→ **YOUR GOAL**:
Exclude images, then output the remaining data verbatim.

→ **DATA FOR PROCESSING**:

·····

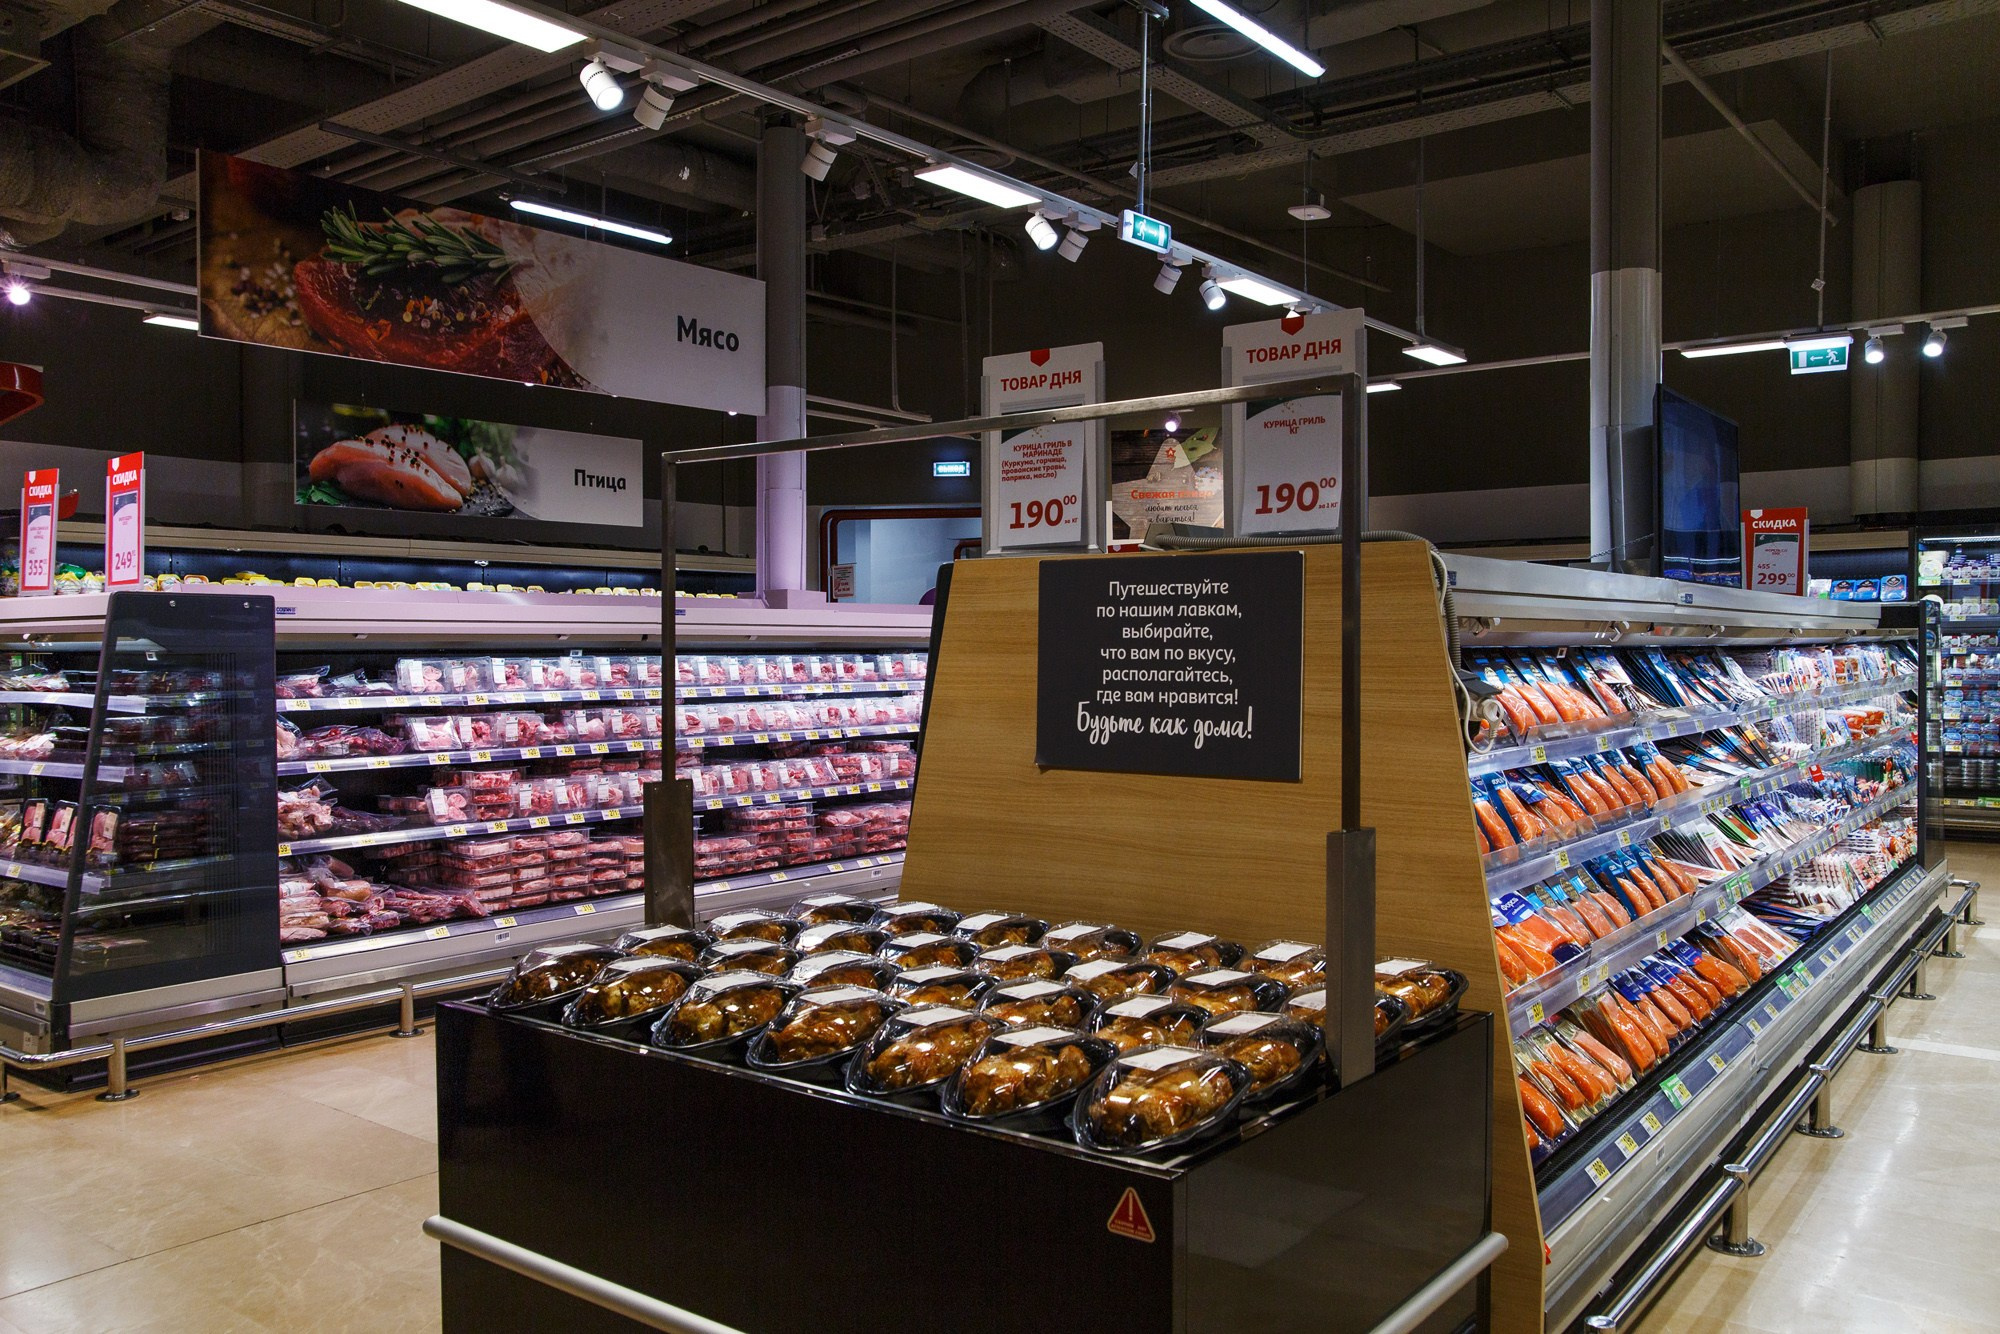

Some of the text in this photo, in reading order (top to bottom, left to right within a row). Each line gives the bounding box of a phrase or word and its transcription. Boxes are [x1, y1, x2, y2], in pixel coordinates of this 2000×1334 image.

[677, 315, 739, 352] Мясо
[1246, 339, 1342, 364] ТОВАР ДНЯ
[1001, 370, 1082, 391] ТОВАР ДНЯ
[1263, 415, 1326, 429] КУРИЦА ГРИЛЬ
[1013, 443, 1043, 452] КУРИЦА
[1043, 441, 1067, 450] ГРИЛЬ
[1022, 449, 1063, 459] МАРИНАДЕ
[112, 470, 137, 485] СКИДКА
[574, 468, 627, 492] Птица
[28, 485, 52, 498] СКИДКА
[1131, 490, 1175, 500] Свежая
[1255, 477, 1336, 515] 190 00
[1009, 495, 1077, 529] 190 00
[1752, 519, 1797, 530] СКИДКА
[28, 559, 43, 576] 355
[115, 552, 132, 571] 249
[1757, 573, 1787, 586] 299
[1109, 579, 1229, 600] Путешествуйте
[1096, 604, 1243, 619] по нашим лавкам,
[1122, 623, 1213, 642] выбирайте,
[1100, 647, 1236, 664] что вам по вкусу,
[1102, 666, 1233, 685] располагайтесь,
[1096, 688, 1238, 707] где вам нравится!
[1076, 701, 1253, 749] Будьте как дома!
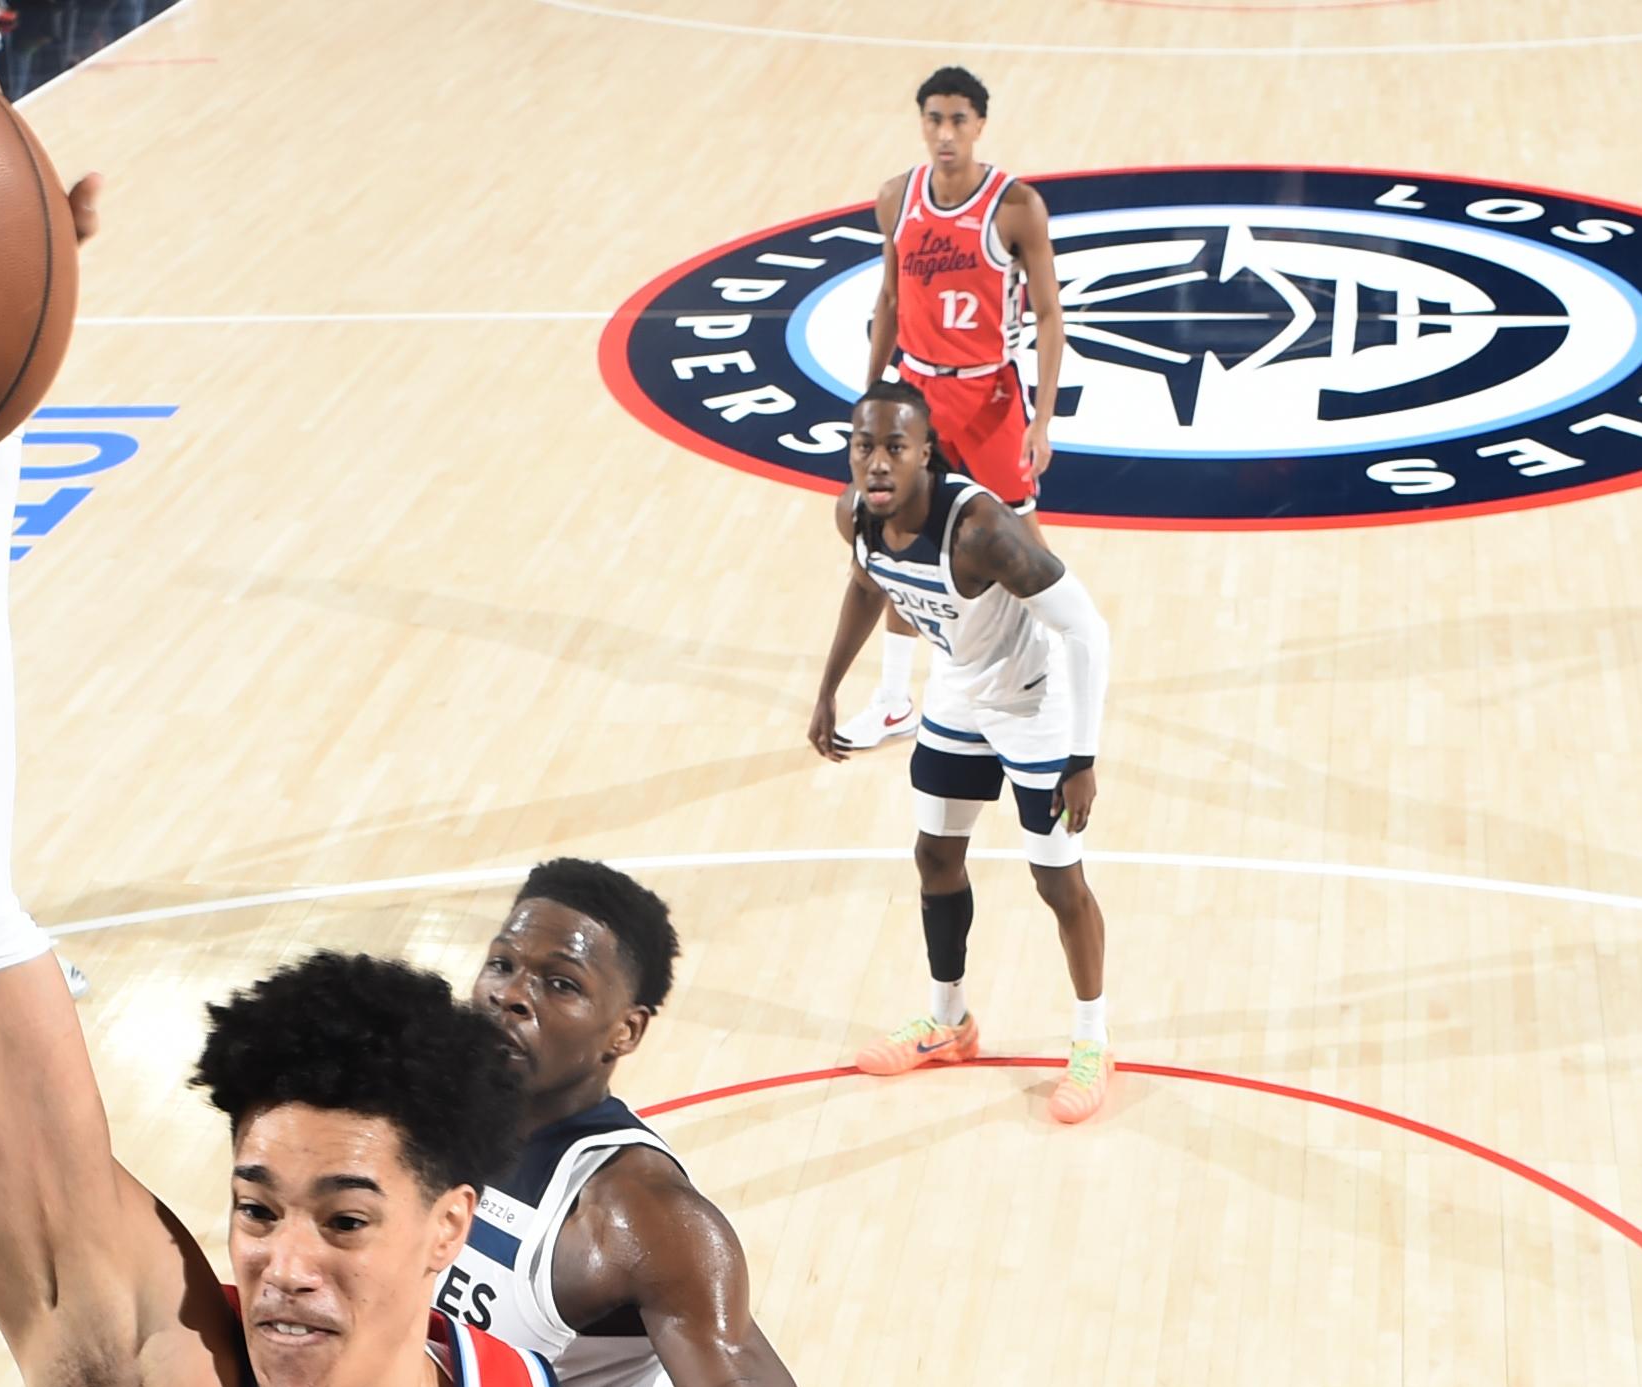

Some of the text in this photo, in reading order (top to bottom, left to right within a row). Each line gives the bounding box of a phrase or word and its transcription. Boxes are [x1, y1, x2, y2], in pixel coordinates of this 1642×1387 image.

[1374, 184, 1635, 244] LOS
[917, 228, 954, 256] Los
[902, 247, 979, 286] Angeles
[938, 289, 980, 330] 12
[671, 226, 886, 454] LIPPERS
[886, 588, 959, 620] OLVES
[479, 1198, 515, 1224] ezzle

·····

→ **OUTPUT OF THE EXERCISE**:
Some of the text in this photo, in reading order (top to bottom, left to right within a row). Each line gives the bounding box of a phrase or word and its transcription. Boxes are [x1, y1, x2, y2], in pixel coordinates of this 2000×1334 image.

[677, 315, 739, 352] Мясо
[1246, 339, 1342, 364] ТОВАР ДНЯ
[1001, 370, 1082, 391] ТОВАР ДНЯ
[1263, 415, 1326, 429] КУРИЦА ГРИЛЬ
[1013, 443, 1043, 452] КУРИЦА
[1043, 441, 1067, 450] ГРИЛЬ
[1022, 449, 1063, 459] МАРИНАДЕ
[112, 470, 137, 485] СКИДКА
[574, 468, 627, 492] Птица
[28, 485, 52, 498] СКИДКА
[1131, 490, 1175, 500] Свежая
[1255, 477, 1336, 515] 190 00
[1009, 495, 1077, 529] 190 00
[1752, 519, 1797, 530] СКИДКА
[28, 559, 43, 576] 355
[115, 552, 132, 571] 249
[1757, 573, 1787, 586] 299
[1109, 579, 1229, 600] Путешествуйте
[1096, 604, 1243, 619] по нашим лавкам,
[1122, 623, 1213, 642] выбирайте,
[1100, 647, 1236, 664] что вам по вкусу,
[1102, 666, 1233, 685] располагайтесь,
[1096, 688, 1238, 707] где вам нравится!
[1076, 701, 1253, 749] Будьте как дома!

Some of the text in this photo, in reading order (top to bottom, left to right within a row). Each line gives the bounding box of a phrase or word and its transcription. Boxes are [x1, y1, x2, y2], in pixel coordinates of this 1642×1387 image.

[1374, 184, 1635, 244] LOS
[917, 228, 954, 256] Los
[902, 247, 979, 286] Angeles
[938, 289, 980, 330] 12
[671, 226, 886, 454] LIPPERS
[886, 588, 959, 620] OLVES
[479, 1198, 515, 1224] ezzle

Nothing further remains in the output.